Enhanced Antitumor Effect of Combined Triptolide and Ionizing Radiation

Abstract

The lack of effective treatment for pancreatic cancer results in a very low survival rate. This study explores the enhancement of the therapeutic effect on human pancreatic cancer via the combination of triptolide and ionizing radiation (IR). In vitro AsPC-1 human pancreatic cancer cells were treated with triptolide alone, IR alone, or triptolide plus IR. Cell proliferation was analyzed with sulforhodamine B (SRB) method and clonogenic survival; comparison of apoptosis induced by the above treatment was analyzed by annexin V-propidium iodide (PI) staining.
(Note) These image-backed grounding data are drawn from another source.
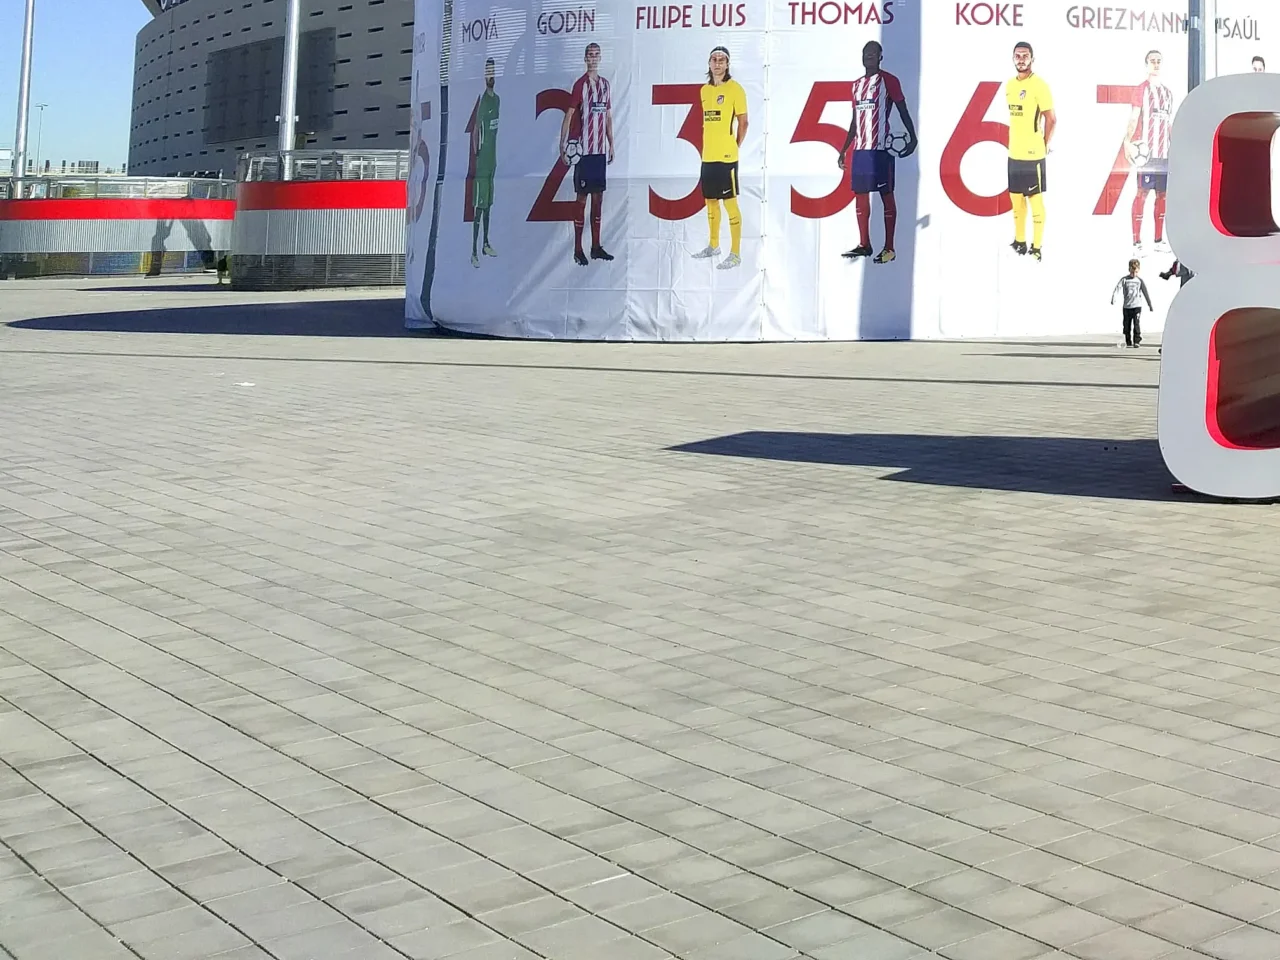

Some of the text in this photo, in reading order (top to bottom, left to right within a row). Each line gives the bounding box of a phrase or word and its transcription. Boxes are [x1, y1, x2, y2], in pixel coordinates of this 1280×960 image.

[461, 13, 500, 43] MOYÁ
[537, 4, 596, 34] GODÍN
[635, 2, 747, 29] FILIPE LUIS
[788, 0, 895, 26] THOMAS
[955, 2, 1024, 27] KOKE
[1065, 5, 1188, 34] GRIEZMANN
[1222, 14, 1261, 41] SAÚL
[526, 88, 587, 222] 2
[648, 83, 707, 221] 3
[789, 80, 858, 220] 5
[939, 81, 1013, 218] 6
[1092, 85, 1140, 215] 7
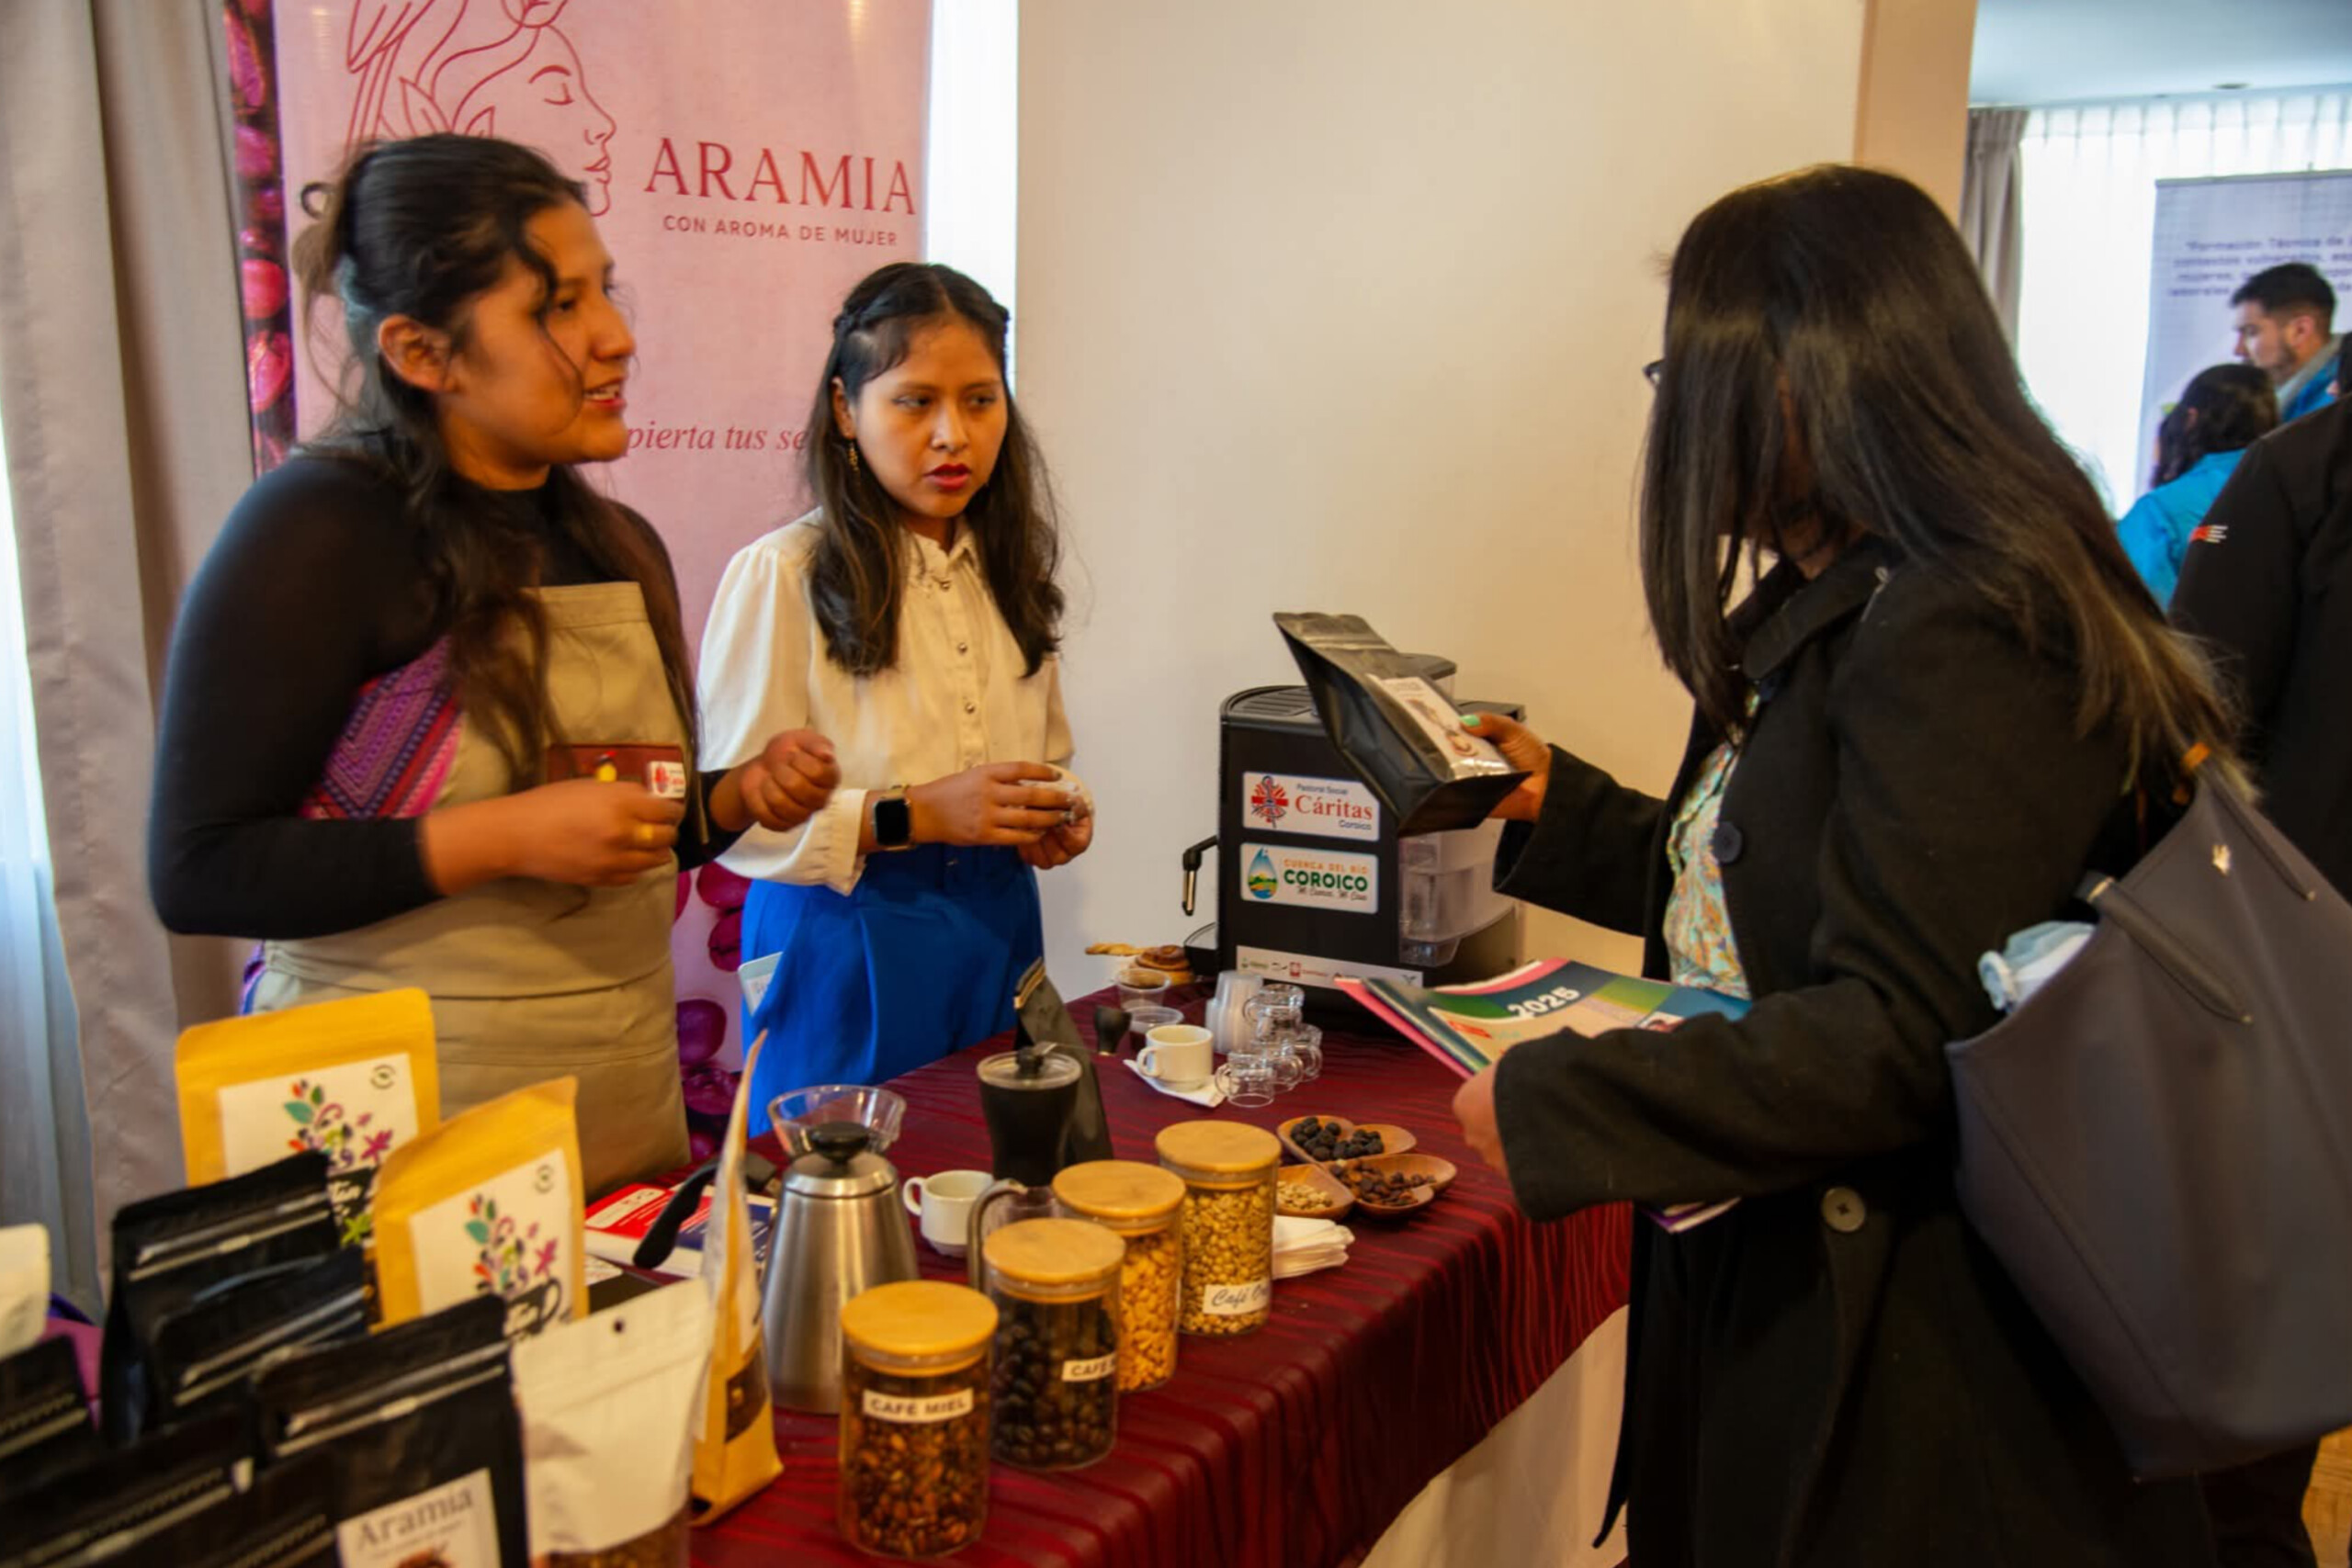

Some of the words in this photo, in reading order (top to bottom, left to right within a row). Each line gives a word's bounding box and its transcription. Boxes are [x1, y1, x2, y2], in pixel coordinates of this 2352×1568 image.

[644, 137, 916, 215] ARAMIA
[663, 214, 707, 233] CON
[715, 220, 790, 240] AROMA
[799, 225, 825, 242] DE
[834, 229, 898, 247] MUJER
[724, 424, 768, 450] tus
[1295, 794, 1374, 820] Cáritas
[1283, 859, 1324, 871] CUENCA
[1329, 863, 1345, 873] DEL
[1283, 869, 1369, 893] COROICO
[1507, 986, 1581, 1020] 2025
[925, 1396, 966, 1414] MIEL
[357, 1488, 474, 1551] Aramia
Furthermore, the expression of apoptotic pathway intermediates was measured by the assay of caspase activity and Western blot. Mitochondrial transmembrane potential was determined by JC-1 assay. In vivo, AsPC-1 xenografts were treated with 0.25 mg/kg triptolide, 10 Gy IR, or triptolide plus IR. The tumors were measured for volume and weight at the end of the experiment. Tumor tissues were tested for terminal nucleotidyl transferase-mediated nick end labeling (TUNEL) and immunohistochemistry. The combination of triptolide plus IR reduced cell survival to 21% and enhanced apoptosis, compared with single treatment. In vivo, tumor growth of AsPC-1 xenografts was reduced further in the group treated with triptolide plus IR compared with single treatment. TUNEL and immunohistochemistry of caspase-3 cleavage in tumor tissues indicated that the combination of triptolide plus IR resulted in significantly enhanced apoptosis compared with single treatments. Triptolide in combination with ionizing radiation produced synergistic antitumor effects on pancreatic cancer both in vitro and in vivo and seems promising in the combined modality therapy of pancreatic cancer.